And 60d20 is... rather a lot, I'd be interested in seeing how it's accomplished. ... Are you assuming you have a large pool of targets, or is this single-target?
That isn't taking target number into account at all. It's simply what you would roll, though that particular spell IS single target. You could also conceivably cast fireball at 15d6+45; higher if you choose to apply a certain other metamagic in addition to empowering it.
| RJGrady |
| 1 person marked this as a favorite. |
If the game is designed to keep you at a constant 65% accuracy rate or whatever, then it doesn't really make sense for you to fight weaker monsters. They aren't worth much XP and aren't much of a threat, either. From a storytelling standpoint, I like the idea of a swordsman becoming so good he basically never misses, as a counterpart to the wizard who can call meteors down from the sky. I like the idea that a high level character's offense might be so strong it can be matched only by a similarly optimized NPC. A high HD giant's Fortitude save, a master archer's to-hit bonus, a rogue's Stealth, these abilities become nearly as strong and absolute as an invisibility spell. If you think about movies, that's how things are actually played, with invisibility being defeatable by a skilled and canny attacker, and a stealthy character being so agile they are practically invisible to normal people.
| Vivianne Laflamme |
I think a better question would be "Does the math in Pathfinder break down at higher levels?"

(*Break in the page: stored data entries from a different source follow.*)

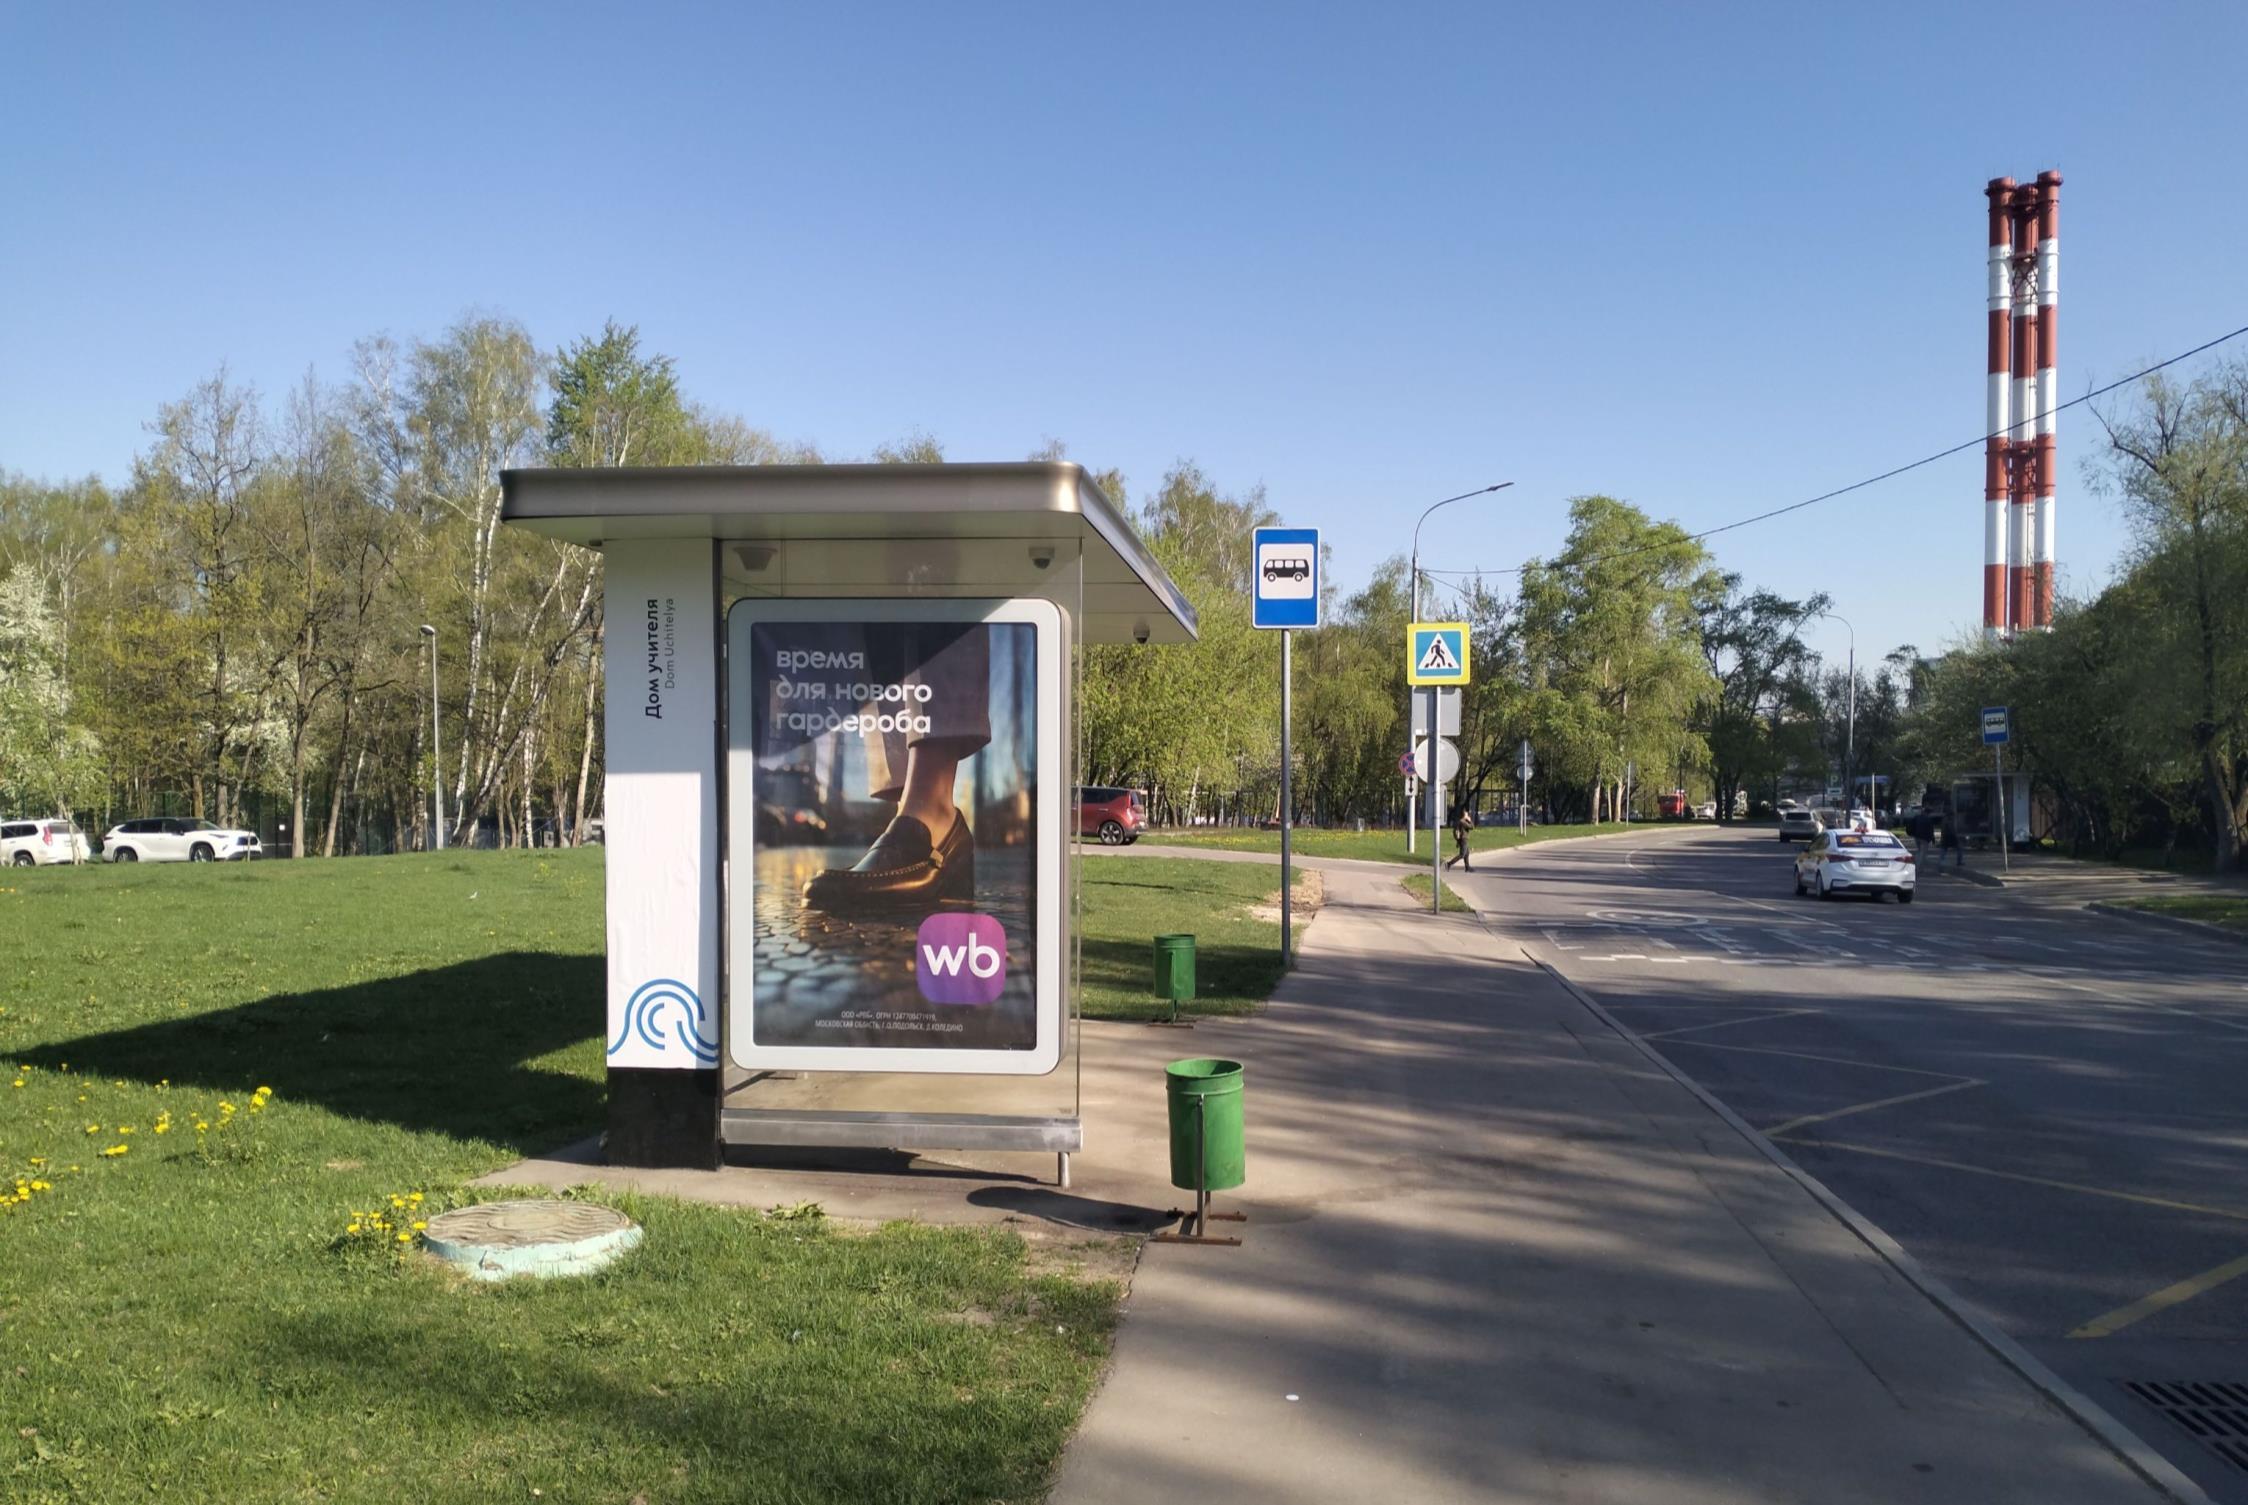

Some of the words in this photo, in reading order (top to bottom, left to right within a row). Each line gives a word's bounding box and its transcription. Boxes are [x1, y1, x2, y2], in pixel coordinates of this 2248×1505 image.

[647, 599, 662, 673] учителя
[663, 598, 676, 657] Uchitelya
[664, 660, 675, 689] Dom
[776, 650, 864, 674] время
[645, 678, 662, 719] Дом
[776, 674, 826, 700] для
[835, 683, 932, 703] нового
[776, 707, 932, 738] гардероба
[922, 932, 1001, 978] wb

Is the quibble over the phrase "break down"? It's easily seen that due to different rates of scaling (high vs low BAB, good vs bad save progression, putting ranks in a skill every level vs not putting any ranks in a skill), as level increases, the gap between those who are good at something and those who are bad at something widens. Hence, success chances are fundamentally different at low vs high levels. At 1st level, if a bard with max ranks in stealth has an 80% chance to sneak past the guard dog, the alchemist with no ranks in stealth has about a 60% chance to sneak past. At 20th level, if this bard has an 80% chance to sneak past the mythic guard dog, this alchemist has a 0% chance to succeed. Spells, class abilities, etc. only widen this gap between the cans and the cannots.
You can say that this disconnect between low and high levels doesn't represent a break down of the system, but it's simple fact that it exists.
| Ashiel |
| 7 people marked this as a favorite. |
I have seen it represented on this message board and especially elsewhere that the "math" of Pathfinder "breaks down" at the "higher levels." I've seen this repeated without explanation.
My question is: specifically which parts of the game stop working as intended at higher levels? Is there really a specific issue or is this one of those things that gets repeated without any real substance to it?
A few myths concerning high levels.
1. Damage scales faster than defenses
This is false. The game favors defenses heavily. Defenses are cheaper and more plentiful. Constitution modifiers are multiplied per hit die, while static modifiers are static. +3 from Strength gives +3 to hit and damage on each attack. +3 from Con gives +60 HP with 20 HD. You'd have to hit 10 times to make up the difference. It's not remarkable for even characters to have +6 or better Con modifiers by 20th level, with upwards to +12 being possible for PCs.
NPC-classed characters have lower mods, but they also tend to have twice the HD based on the CR guidelines found in the bestiary. Which means a CR 20 gnoll warrior has about 40 HD (2 racial HD + 38 warrior HD).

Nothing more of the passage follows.